Il celebre giornalista statunitense Walter Cronkite da parte sua sosteneva: "Una democrazia cessa di essere tale se i suoi cittadini non partecipano al suo governo. Per partecipare in modo intelligente, devono sapere quello che il loro governo ha fatto, sta facendo e prevede di fare. Ogni volta che qualsiasi ostacolo, non importa quale sia il suo nome, si frappone a queste informazioni, una democrazia è indebolita, e il suo futuro in pericolo. Questo è il significato di libertà di stampa". Ebbene, potremmo continuare all'infinito nella devota, ammirata e stupefatta citazione di grandi menti del passato, di varia nascita ed educazione politica nonché culturale, circa la liberta in generale e la libertà di stampa in particolare ma, quello che vogliamo sommessamente porre all'attenzione, è la questione dell'informazione in Italia.

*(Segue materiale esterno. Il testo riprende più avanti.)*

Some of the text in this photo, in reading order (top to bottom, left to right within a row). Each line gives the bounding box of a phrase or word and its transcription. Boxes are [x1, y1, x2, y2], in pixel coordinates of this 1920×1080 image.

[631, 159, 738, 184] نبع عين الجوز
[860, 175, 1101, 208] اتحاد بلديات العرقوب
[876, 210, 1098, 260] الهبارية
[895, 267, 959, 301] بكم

In un Paese strano, confuso, frammentato, mai storicamente unito e pieno di contraddizioni e fratture cresce l'esigenza, specie da parte dei giovani molto più avvezzi all'informazione mediante la rete, di conoscere il reale stato della nostra libertà. A venirci in soccorso è stata l'organizzazione non governativa statunitense Freedom House che, dagli Anni 80', monitora lo stato della libertà di informazione nel mondo.

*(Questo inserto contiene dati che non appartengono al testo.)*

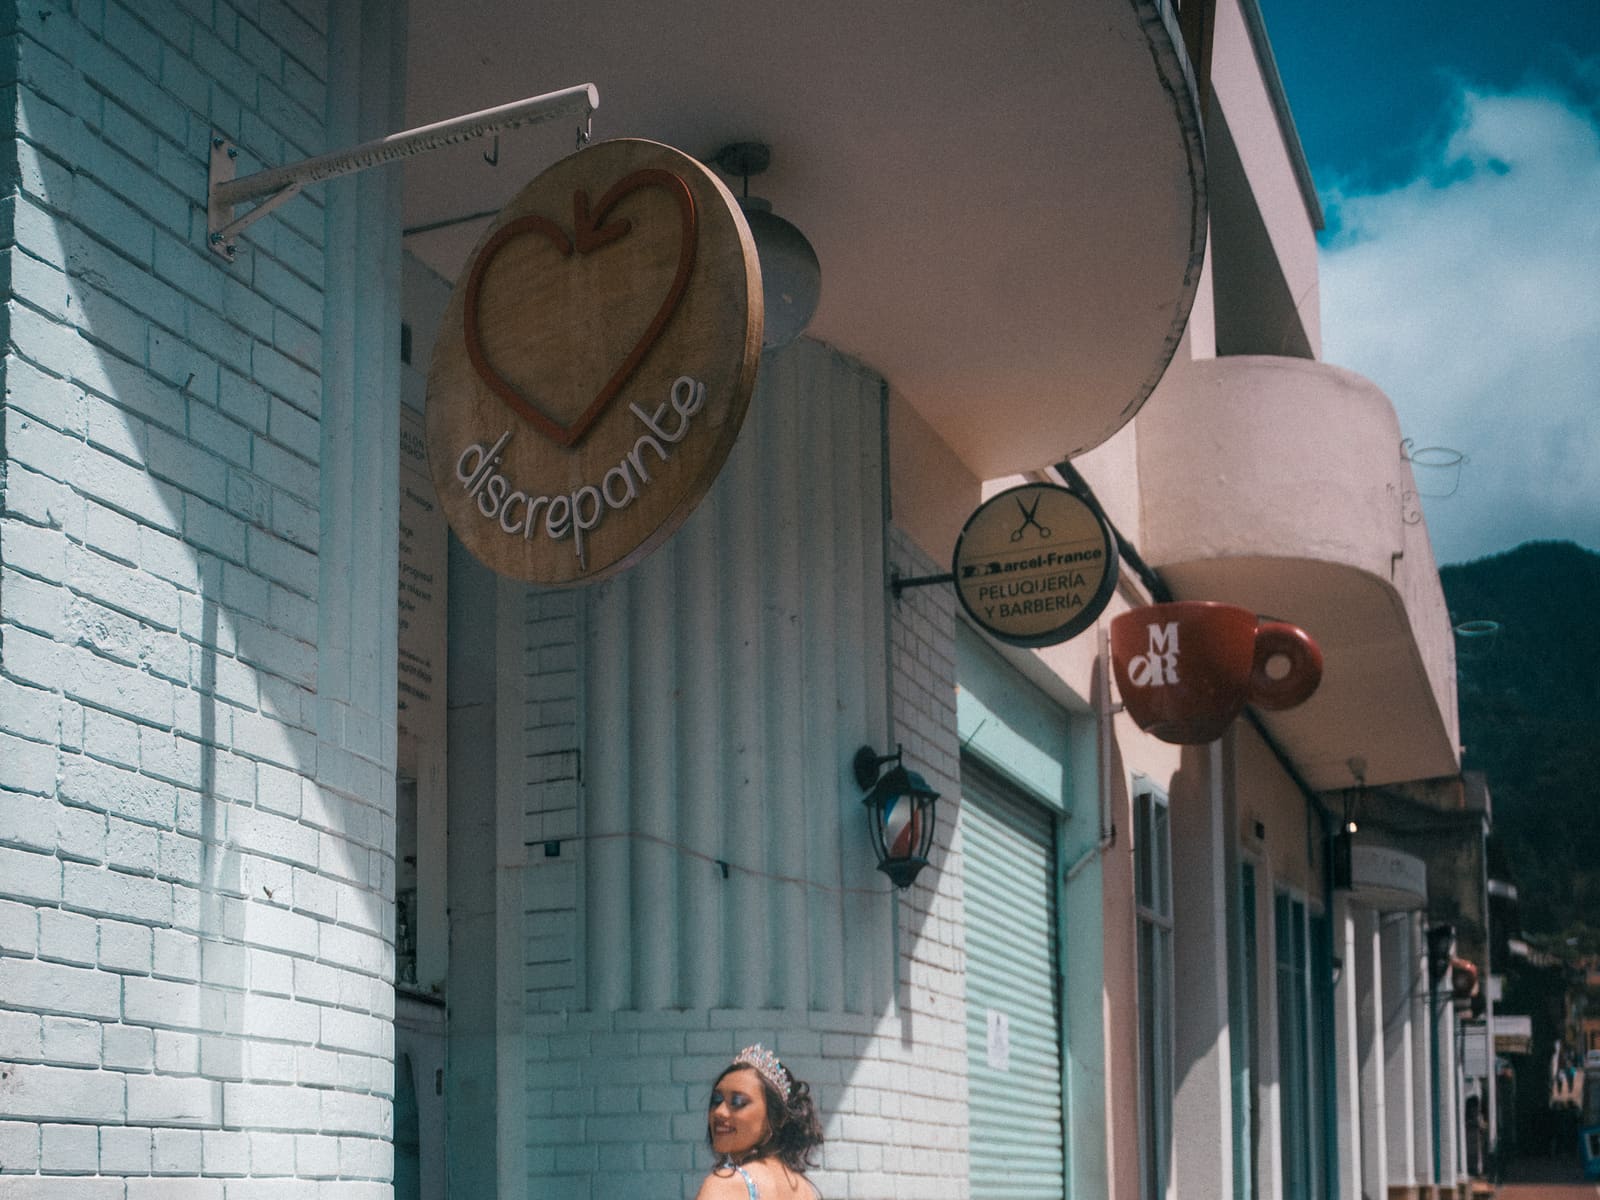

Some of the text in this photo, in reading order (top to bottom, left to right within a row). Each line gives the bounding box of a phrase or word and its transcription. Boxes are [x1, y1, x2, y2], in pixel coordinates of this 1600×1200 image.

[456, 375, 705, 568] discrepante
[979, 573, 1086, 600] PELUQUERÍA
[984, 594, 1084, 619] Y BARBERÍA
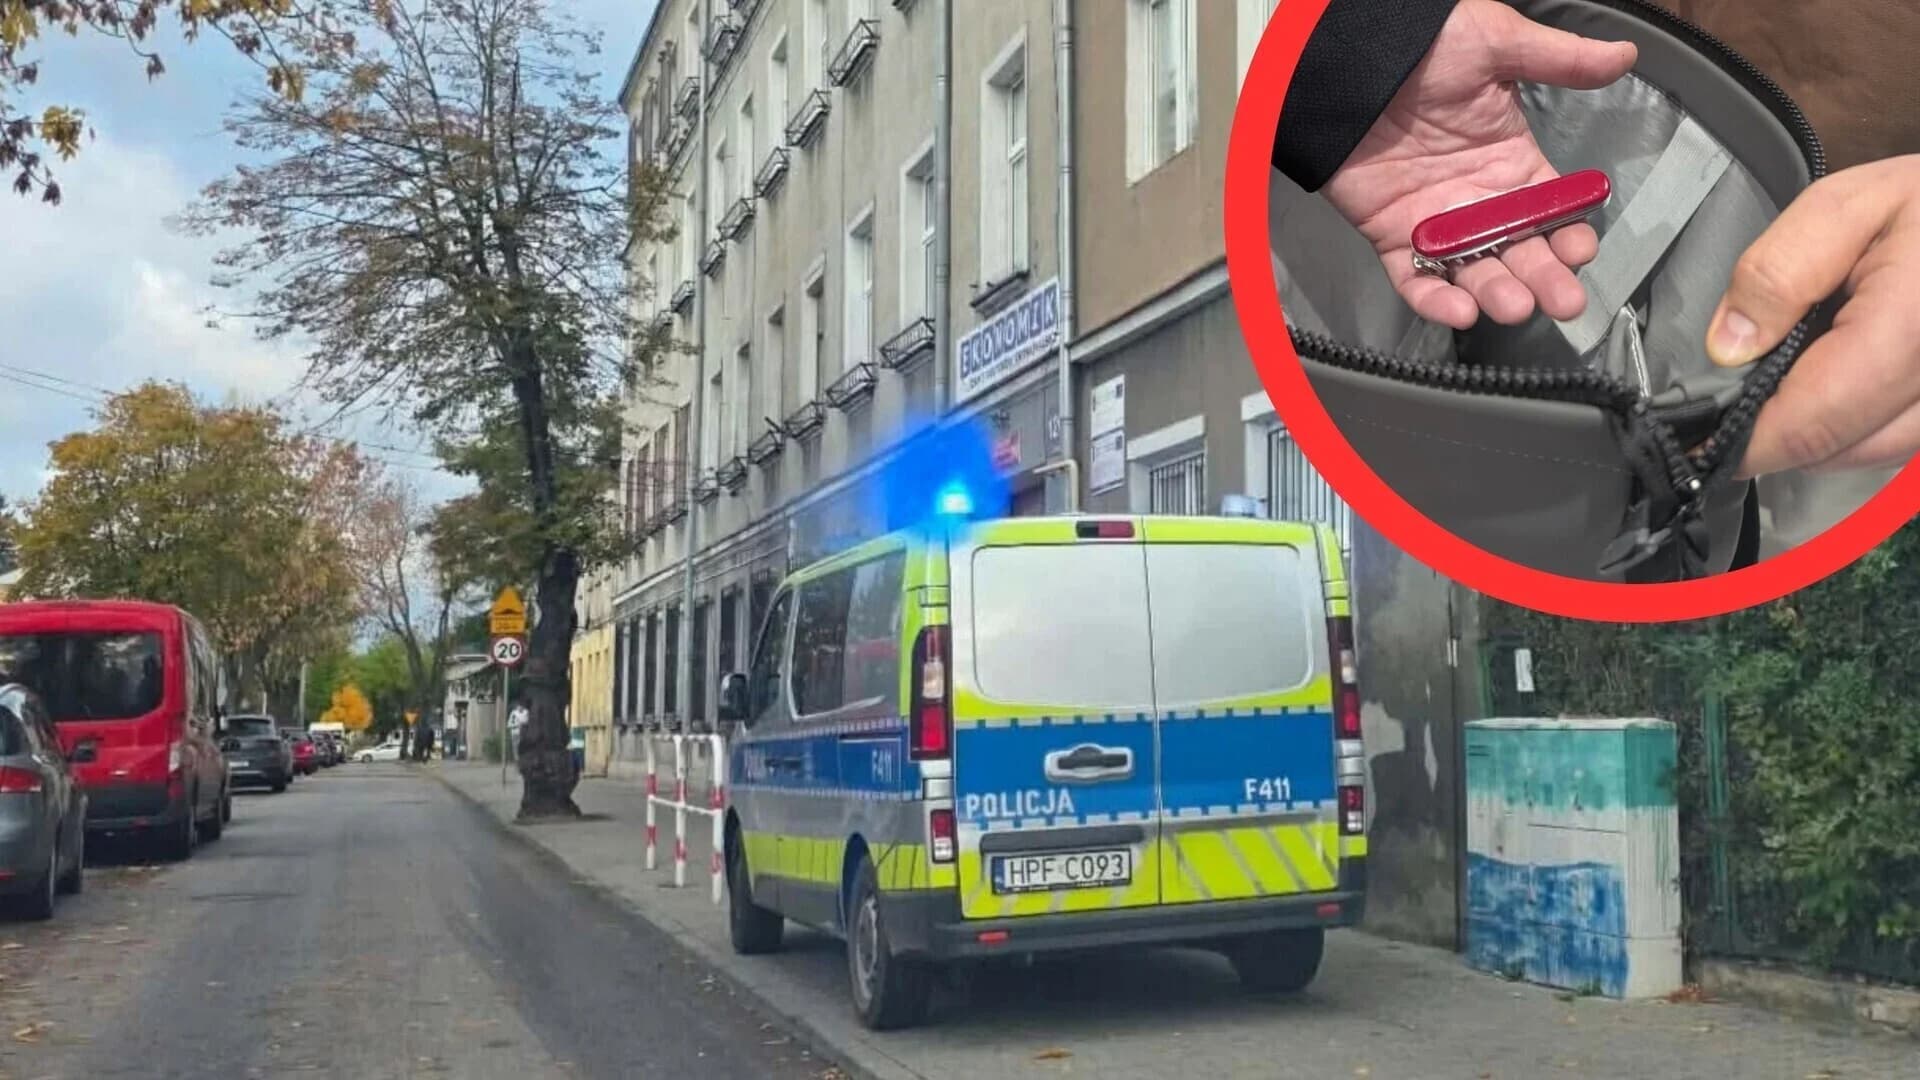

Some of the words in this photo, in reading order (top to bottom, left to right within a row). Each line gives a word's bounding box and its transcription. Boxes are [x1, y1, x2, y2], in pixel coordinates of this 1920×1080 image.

[962, 289, 1056, 375] EKONOMIK
[498, 643, 519, 659] 20
[872, 749, 892, 783] F411
[965, 788, 1075, 819] POLICJA
[1244, 777, 1291, 802] F411
[1009, 857, 1057, 884] HPF
[1065, 853, 1124, 881] C093

Nell'ultimo rapporto 2015, stilato di recente, le notizie per l'Italia non sono per nulla positive: il nostro Paese infatti, resta ancorato al 65esimo posto su 199 nazioni prese in esame ma, ciò che più sconcerta e ormai quasi non sorprende è la definizione di Conutry Partly Free-Paese parzialmente libero. Certo, alcuni potranno facilmente obiettare che, essere 65esimi su 199 stati non è cosa da poco ma, analizzando con attenzione il predetto rapporto si capisce come questa frase sia priva di fondamento se si comparano le democrazie in oggetto.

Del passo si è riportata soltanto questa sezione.